Survival improvements seen in the high-dose preoperative group of IOERT patients probably reflect altered and improved patient selection, rather than treatment effect. These difference suggest that giving a full component of EBRT with 5-FU before exploration and IOERT may be more appropriate than giving IOERT as an initial component of treatment. The altered sequence did result in 27% of patients not receiving IOERT as additional treatment, because of already documented disease progression.
It is well known that hypoxic cells are likely a major limitation to tumor radiocurability when using high single doses per fraction as cells in the hypoxic fraction dominate the survivors following a large dose. The use of intraoperative radiation therapy for patients with unresectable pancreatic cancer would seem an ideal model to test the efficacy of hypoxic cell sensitizers. Our group evaluated the hypoxic cell sensitizer misonidazole in conjunction with 15 to 20 Gy of IOERT in 41 patients with unresectable pancreatic cancer.13 The local control and survival results did not demonstrate any advantage to the use of misonidazole, and this approach has not been pursued.

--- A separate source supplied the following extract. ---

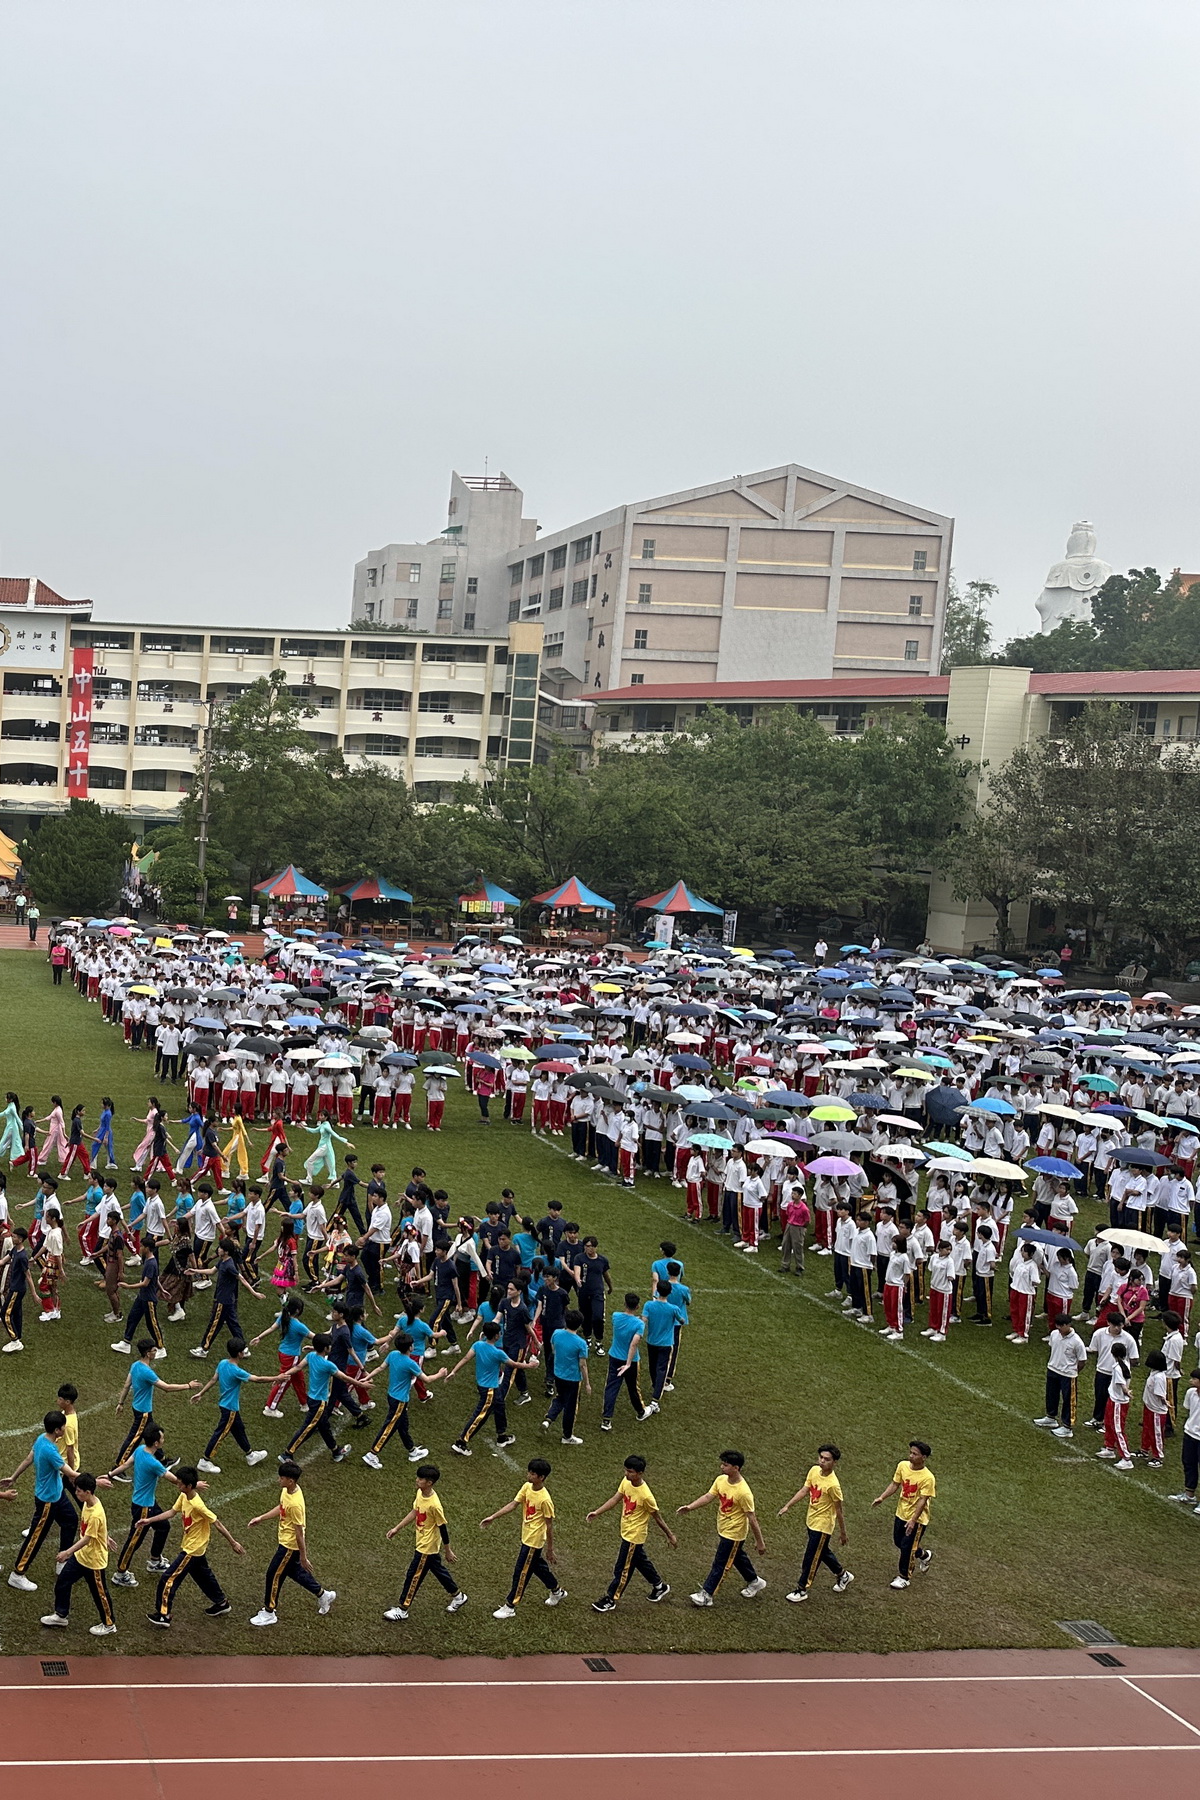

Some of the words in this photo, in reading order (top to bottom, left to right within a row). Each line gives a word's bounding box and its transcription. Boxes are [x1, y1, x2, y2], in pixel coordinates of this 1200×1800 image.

A more contemporary approach to the use of concurrent and maintenance chemotherapy was reported by investigators from Thomas Jefferson Medical Center. In this study, 49 patients with locally advanced pancreatic cancer received 10 to 20 Gy of IOERT followed by postoperative irradiation with concurrent and maintenance 5-FU and leucovorin chemotherapy.14 Median survival was 16 months, with a 2-year survival rate of 22%, figures significantly better than historic controls. Local failure was seen in 31%. Early postsurgical morbidity was observed in 7 of 49 patients (14%) and late treatment-related morbidity in 8 of 43 (19%) alive beyond 6 months.
The series of 150 patients reported here is the largest one in the literature. Even though it spans nearly 25 years, it is relevant because it shows for the first time that long-term survival is possible for patients with unresectable pancreatic cancer. Even though the 3- and 5-year survival rates (7%, 4%) are modest, they are not markedly different than the results reported in contemporary trials of resected pancreatic cancer patients (20%, 10%) or patients undergoing palliative pancreaticoduodenectomy (6.3%, 1.6%), especially when taking into account those patients with smaller tumors as measured by the size of the IOERT treatment applicator.15,16 For 25 patients treated with a small-diameter applicator (5 cm or 6 cm), the 2- and 3-year actuarial survival rates were 27% and 17%, respectively. Furthermore, our study shows that postoperative and late treatment-related toxicity rates were acceptable. Because of the retrospective nature of this study, it was not possible to assess the palliative effects of this therapy or local control results. These study results support further study of selected patients with small unresectable tumors into innovative protocols employing IOERT.